* EXERCISE GOAL
Copy each line of the data below exactly, leaving out pictures.

Dataset items
━━━━━━

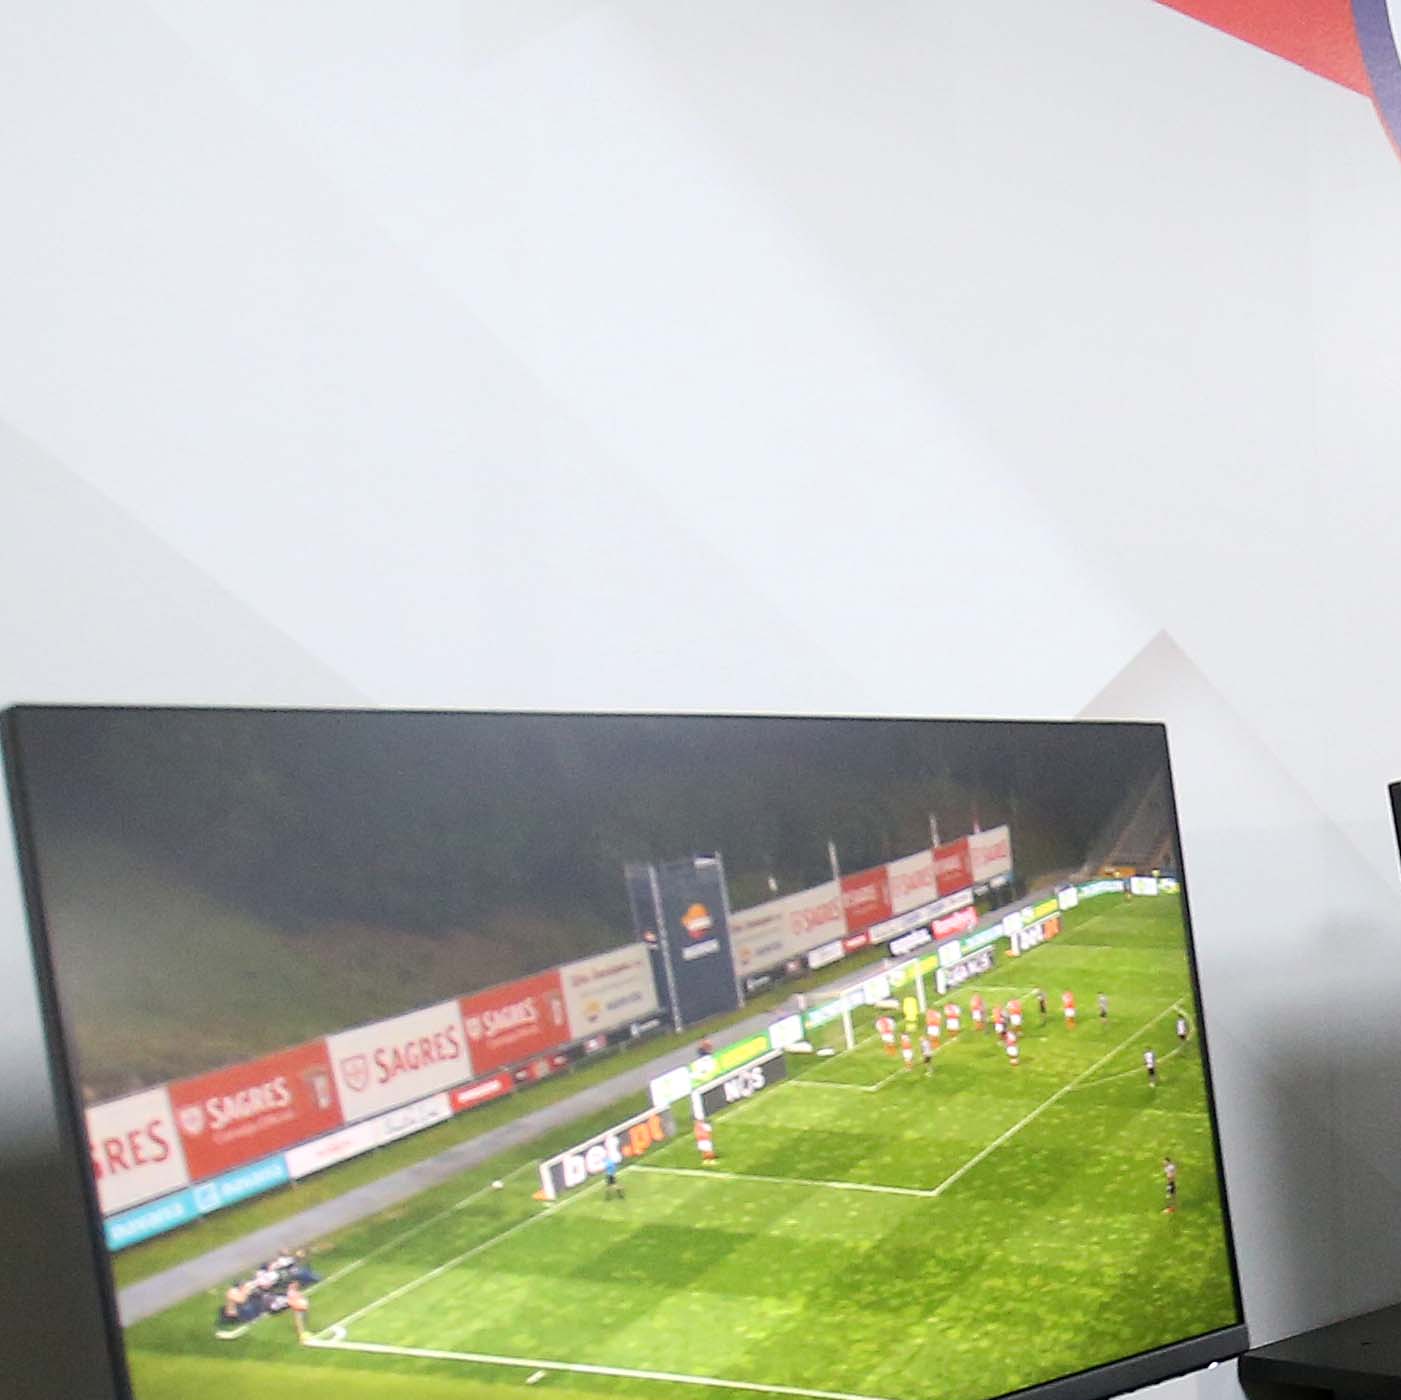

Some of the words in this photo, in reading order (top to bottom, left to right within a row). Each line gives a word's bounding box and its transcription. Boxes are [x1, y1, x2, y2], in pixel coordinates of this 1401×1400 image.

[374, 1024, 460, 1084] SAGRES
[205, 1076, 291, 1131] SAGRES
[562, 1113, 666, 1188] bet.pt
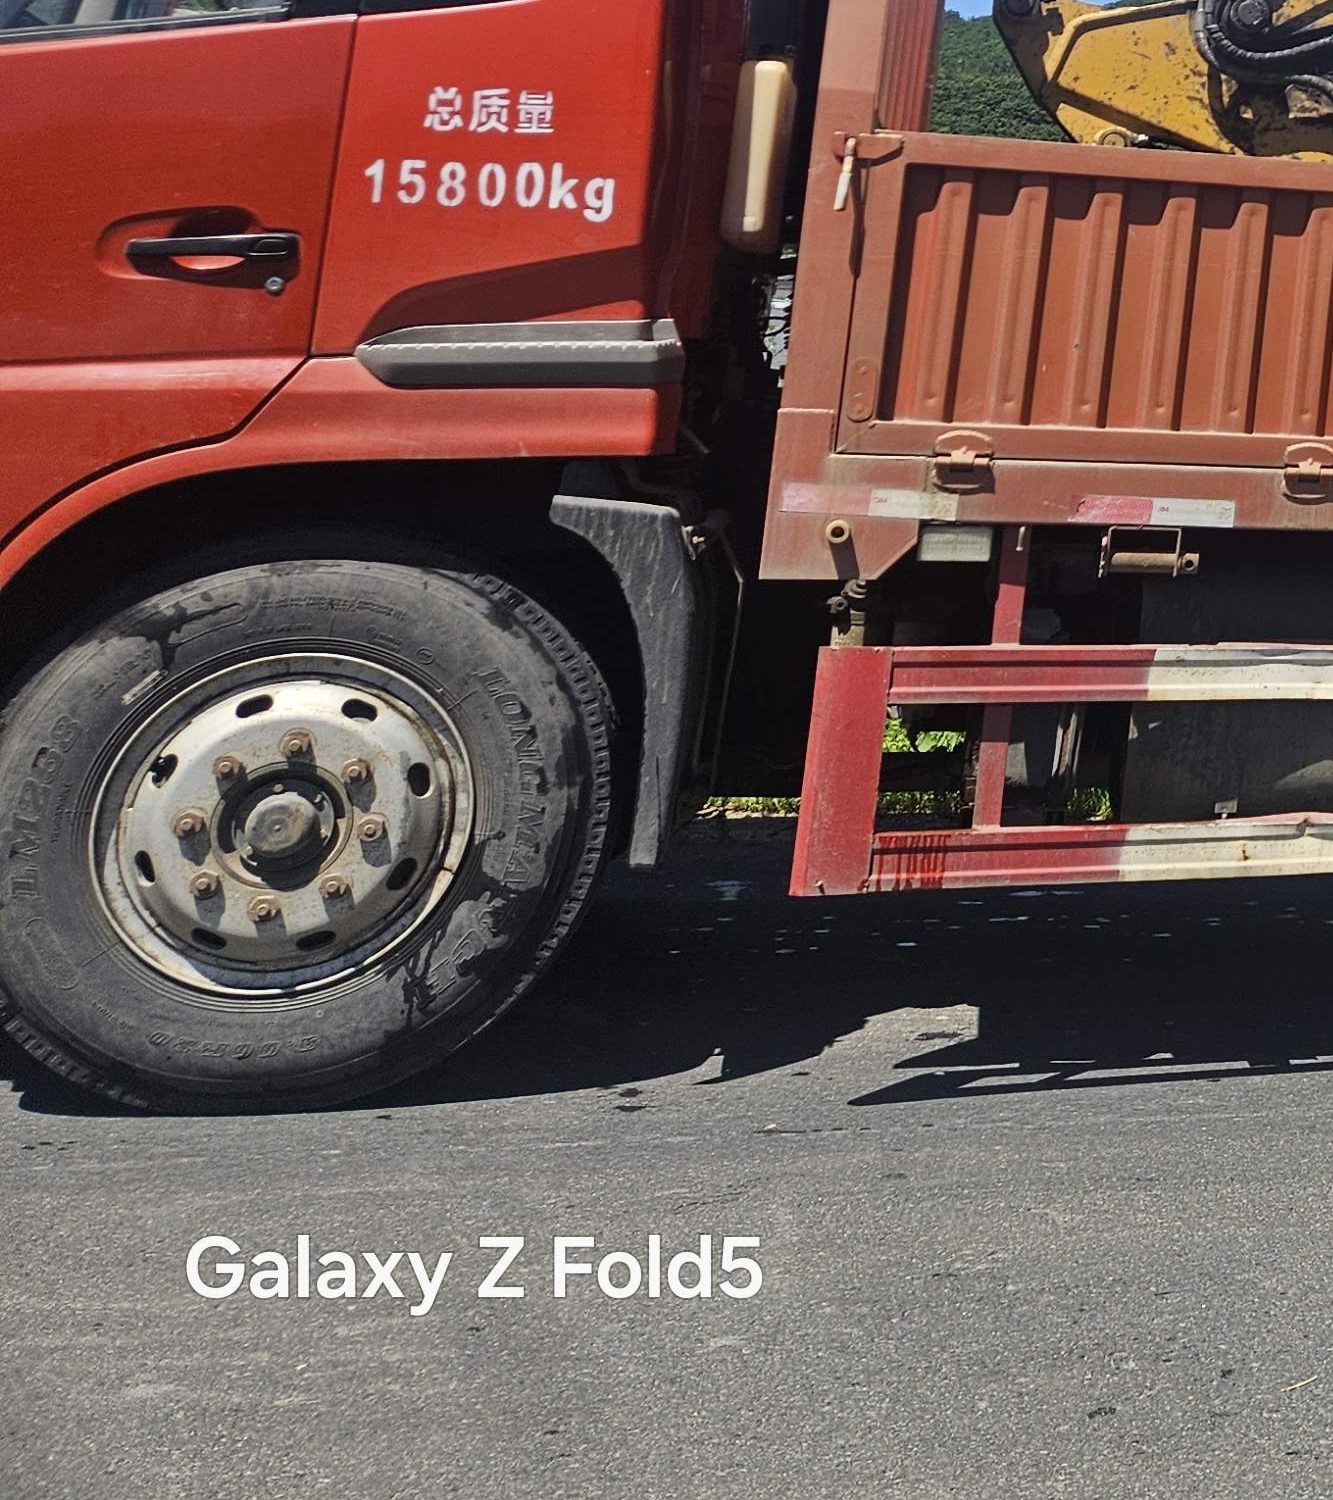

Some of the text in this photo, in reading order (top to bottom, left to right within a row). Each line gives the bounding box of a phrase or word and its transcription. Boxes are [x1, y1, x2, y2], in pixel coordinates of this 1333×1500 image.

[423, 86, 554, 134] 总质量
[363, 158, 615, 223] 15800kg

━━━━━━

* REPLY
Some of the words in this photo, in reading order (top to bottom, left to right within a row). Each line gives a word's bounding box and its transcription. Boxes are [x1, y1, x2, y2], in pixel coordinates of this 1401×1400 image.

[374, 1024, 460, 1084] SAGRES
[205, 1076, 291, 1131] SAGRES
[562, 1113, 666, 1188] bet.pt

Some of the text in this photo, in reading order (top to bottom, left to right within a row). Each line gives the bounding box of a phrase or word and its transcription. Boxes are [x1, y1, x2, y2], in pixel coordinates of this 1333×1500 image.

[423, 86, 554, 134] 总质量
[363, 158, 615, 223] 15800kg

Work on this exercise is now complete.